The first one is from Melanie:
Good to hear from you, Anna. I’m fine, Malcolm less so since I mentioned divorce, but I’m still worried about Katie. She won’t talk about what happened at the hotel and no amount of cajoling will get her to open up or talk to her school counsellor. Still trying to get a carer in for her mum but it’s just SO … SLOW. Hope you’re bearing up okay. M x.
After the helicopter ferried us back to the mainland we were all transferred to Belford Hospital in Fort William to be checked over. For most of us the main issue was smoke inhalation but I was told I’d have to have stitches in my forehead and an X-ray, plus scans to check on my arm and shoulder. I held it together for hours and hours, then sobbed like a baby when Mum and Dad turned up to take me home.
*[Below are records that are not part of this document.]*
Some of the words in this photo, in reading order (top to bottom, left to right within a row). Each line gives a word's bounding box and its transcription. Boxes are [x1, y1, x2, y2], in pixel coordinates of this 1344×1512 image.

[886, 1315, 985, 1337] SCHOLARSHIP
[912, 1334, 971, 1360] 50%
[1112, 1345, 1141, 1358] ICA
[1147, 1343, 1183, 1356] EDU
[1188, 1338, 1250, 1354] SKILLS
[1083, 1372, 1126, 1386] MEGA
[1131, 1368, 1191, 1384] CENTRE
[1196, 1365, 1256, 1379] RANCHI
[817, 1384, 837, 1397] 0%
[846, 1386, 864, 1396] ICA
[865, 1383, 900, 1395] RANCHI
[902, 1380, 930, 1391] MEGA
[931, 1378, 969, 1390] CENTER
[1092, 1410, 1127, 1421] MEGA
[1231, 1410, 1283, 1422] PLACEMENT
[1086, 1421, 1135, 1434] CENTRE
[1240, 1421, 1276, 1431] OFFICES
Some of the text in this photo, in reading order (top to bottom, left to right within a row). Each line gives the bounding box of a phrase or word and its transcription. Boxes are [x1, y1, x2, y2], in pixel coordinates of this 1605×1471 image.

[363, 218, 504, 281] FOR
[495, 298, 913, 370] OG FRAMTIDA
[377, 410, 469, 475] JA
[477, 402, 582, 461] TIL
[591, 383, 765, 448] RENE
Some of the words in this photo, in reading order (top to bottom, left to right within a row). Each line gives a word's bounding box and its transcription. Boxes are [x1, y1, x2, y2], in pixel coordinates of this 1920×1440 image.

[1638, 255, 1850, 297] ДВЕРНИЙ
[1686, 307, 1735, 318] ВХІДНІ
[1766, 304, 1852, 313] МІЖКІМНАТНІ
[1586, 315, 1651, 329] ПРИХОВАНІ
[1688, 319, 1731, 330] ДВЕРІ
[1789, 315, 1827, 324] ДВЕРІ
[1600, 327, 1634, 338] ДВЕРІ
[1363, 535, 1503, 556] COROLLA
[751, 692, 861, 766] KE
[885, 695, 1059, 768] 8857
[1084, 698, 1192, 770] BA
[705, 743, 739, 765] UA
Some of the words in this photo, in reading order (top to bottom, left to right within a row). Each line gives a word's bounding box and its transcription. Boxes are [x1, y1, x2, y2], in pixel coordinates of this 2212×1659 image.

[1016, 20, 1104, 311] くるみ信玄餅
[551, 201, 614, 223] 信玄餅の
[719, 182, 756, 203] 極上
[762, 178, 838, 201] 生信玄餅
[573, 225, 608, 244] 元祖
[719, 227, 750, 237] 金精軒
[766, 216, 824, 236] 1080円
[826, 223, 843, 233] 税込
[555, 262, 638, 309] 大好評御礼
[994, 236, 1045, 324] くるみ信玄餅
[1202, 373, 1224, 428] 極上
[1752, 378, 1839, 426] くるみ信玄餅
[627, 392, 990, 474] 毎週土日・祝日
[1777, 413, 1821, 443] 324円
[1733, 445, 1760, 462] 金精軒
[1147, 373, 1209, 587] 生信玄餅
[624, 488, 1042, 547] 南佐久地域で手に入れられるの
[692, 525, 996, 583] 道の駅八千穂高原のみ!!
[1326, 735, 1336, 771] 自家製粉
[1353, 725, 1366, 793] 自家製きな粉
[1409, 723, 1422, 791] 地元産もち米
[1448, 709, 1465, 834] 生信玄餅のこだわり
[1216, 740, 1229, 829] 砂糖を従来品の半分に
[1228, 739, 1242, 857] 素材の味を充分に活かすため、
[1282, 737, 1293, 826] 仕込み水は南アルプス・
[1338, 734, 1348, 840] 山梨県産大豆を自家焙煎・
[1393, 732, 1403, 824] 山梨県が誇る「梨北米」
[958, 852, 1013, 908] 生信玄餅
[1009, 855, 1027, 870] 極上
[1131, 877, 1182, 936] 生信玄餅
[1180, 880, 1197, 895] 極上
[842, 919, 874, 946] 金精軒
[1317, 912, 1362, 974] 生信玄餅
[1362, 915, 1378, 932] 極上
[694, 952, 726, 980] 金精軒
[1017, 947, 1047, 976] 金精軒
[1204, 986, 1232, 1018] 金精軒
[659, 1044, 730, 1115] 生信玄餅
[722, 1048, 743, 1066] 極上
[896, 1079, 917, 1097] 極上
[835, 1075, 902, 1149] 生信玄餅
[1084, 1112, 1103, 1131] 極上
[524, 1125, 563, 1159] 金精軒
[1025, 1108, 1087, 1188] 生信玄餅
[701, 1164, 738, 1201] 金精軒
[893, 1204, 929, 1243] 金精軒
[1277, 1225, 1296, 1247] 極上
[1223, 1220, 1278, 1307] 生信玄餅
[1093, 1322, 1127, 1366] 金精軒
The second WhatsApp message is from Alex:
It was good to see you last night. I’m here for you, whenever you need me. Promise. x
I was shocked by how awful he looked when he walked into the pub near Paddington. His trousers were hanging off his hips, he had days’ worth of stubble and dark shadows under his eyes. When he spotted me in the corner of the pub he stopped walking and stared as though he’d seen a ghost, then came rushing over. For a second I thought he was going to give me a hug but then he stopped abruptly and garbled a long, complicated apology about how sorry he was for going on Tinder while we were together and dating my nurse after I left and how he was a terrible human being for getting frustrated with me after my accident and a complete arsehole for not taking the sleep messages seriously, and how he wouldn’t be surprised if I never spoke to him again but he was sorry and he had to let me know how much or he’d never be able to sleep. He was so contrite and yet so utterly OTT that I actually laughed. He looked so horrified that I told him to sit down and chill out while I got him a pint. By the time I got back, he’d managed to pull himself together and I’d processed what he’d just told me. We had a proper chat then, about what had gone wrong in our relationship and how, fundamentally, we hadn’t been right for each other. Alex is not a bad person. Self-obsessed and selfish, yes, but his heart’s in the right place. Mostly.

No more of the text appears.